**Task item**
All of the records should be restated word for word.

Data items
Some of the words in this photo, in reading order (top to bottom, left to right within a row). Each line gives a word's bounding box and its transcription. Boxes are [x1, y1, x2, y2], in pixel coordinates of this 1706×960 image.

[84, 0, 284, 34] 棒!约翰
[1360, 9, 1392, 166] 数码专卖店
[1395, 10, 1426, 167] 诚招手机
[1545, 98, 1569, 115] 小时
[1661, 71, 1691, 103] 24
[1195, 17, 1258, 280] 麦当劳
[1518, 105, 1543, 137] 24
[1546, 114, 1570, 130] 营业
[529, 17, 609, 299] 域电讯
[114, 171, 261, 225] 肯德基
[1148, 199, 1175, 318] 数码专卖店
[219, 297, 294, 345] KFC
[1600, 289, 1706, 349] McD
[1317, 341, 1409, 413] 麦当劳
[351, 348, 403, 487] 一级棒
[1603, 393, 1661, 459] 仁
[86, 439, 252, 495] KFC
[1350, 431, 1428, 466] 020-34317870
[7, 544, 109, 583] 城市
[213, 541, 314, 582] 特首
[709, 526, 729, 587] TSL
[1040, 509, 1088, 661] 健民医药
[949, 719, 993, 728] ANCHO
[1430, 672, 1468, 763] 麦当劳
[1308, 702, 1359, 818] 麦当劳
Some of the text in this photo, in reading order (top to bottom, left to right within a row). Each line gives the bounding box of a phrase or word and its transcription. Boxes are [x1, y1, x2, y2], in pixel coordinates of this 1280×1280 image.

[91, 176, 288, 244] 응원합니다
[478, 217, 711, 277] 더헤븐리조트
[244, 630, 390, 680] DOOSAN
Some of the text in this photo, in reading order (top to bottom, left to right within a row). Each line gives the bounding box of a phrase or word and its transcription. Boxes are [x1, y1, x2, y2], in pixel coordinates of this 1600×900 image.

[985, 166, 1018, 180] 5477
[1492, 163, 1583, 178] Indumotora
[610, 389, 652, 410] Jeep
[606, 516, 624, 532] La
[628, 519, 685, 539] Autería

**Exercise answer**
Some of the words in this photo, in reading order (top to bottom, left to right within a row). Each line gives a word's bounding box and its transcription. Boxes are [x1, y1, x2, y2], in pixel coordinates of this 1706×960 image.

[84, 0, 284, 34] 棒!约翰
[1360, 9, 1392, 166] 数码专卖店
[1395, 10, 1426, 167] 诚招手机
[1545, 98, 1569, 115] 小时
[1661, 71, 1691, 103] 24
[1195, 17, 1258, 280] 麦当劳
[1518, 105, 1543, 137] 24
[1546, 114, 1570, 130] 营业
[529, 17, 609, 299] 域电讯
[114, 171, 261, 225] 肯德基
[1148, 199, 1175, 318] 数码专卖店
[219, 297, 294, 345] KFC
[1600, 289, 1706, 349] McD
[1317, 341, 1409, 413] 麦当劳
[351, 348, 403, 487] 一级棒
[1603, 393, 1661, 459] 仁
[86, 439, 252, 495] KFC
[1350, 431, 1428, 466] 020-34317870
[7, 544, 109, 583] 城市
[213, 541, 314, 582] 特首
[709, 526, 729, 587] TSL
[1040, 509, 1088, 661] 健民医药
[949, 719, 993, 728] ANCHO
[1430, 672, 1468, 763] 麦当劳
[1308, 702, 1359, 818] 麦当劳
Some of the text in this photo, in reading order (top to bottom, left to right within a row). Each line gives the bounding box of a phrase or word and its transcription. Boxes are [x1, y1, x2, y2], in pixel coordinates of this 1280×1280 image.

[91, 176, 288, 244] 응원합니다
[478, 217, 711, 277] 더헤븐리조트
[244, 630, 390, 680] DOOSAN
Some of the text in this photo, in reading order (top to bottom, left to right within a row). Each line gives the bounding box of a phrase or word and its transcription. Boxes are [x1, y1, x2, y2], in pixel coordinates of this 1600×900 image.

[985, 166, 1018, 180] 5477
[1492, 163, 1583, 178] Indumotora
[610, 389, 652, 410] Jeep
[606, 516, 624, 532] La
[628, 519, 685, 539] Autería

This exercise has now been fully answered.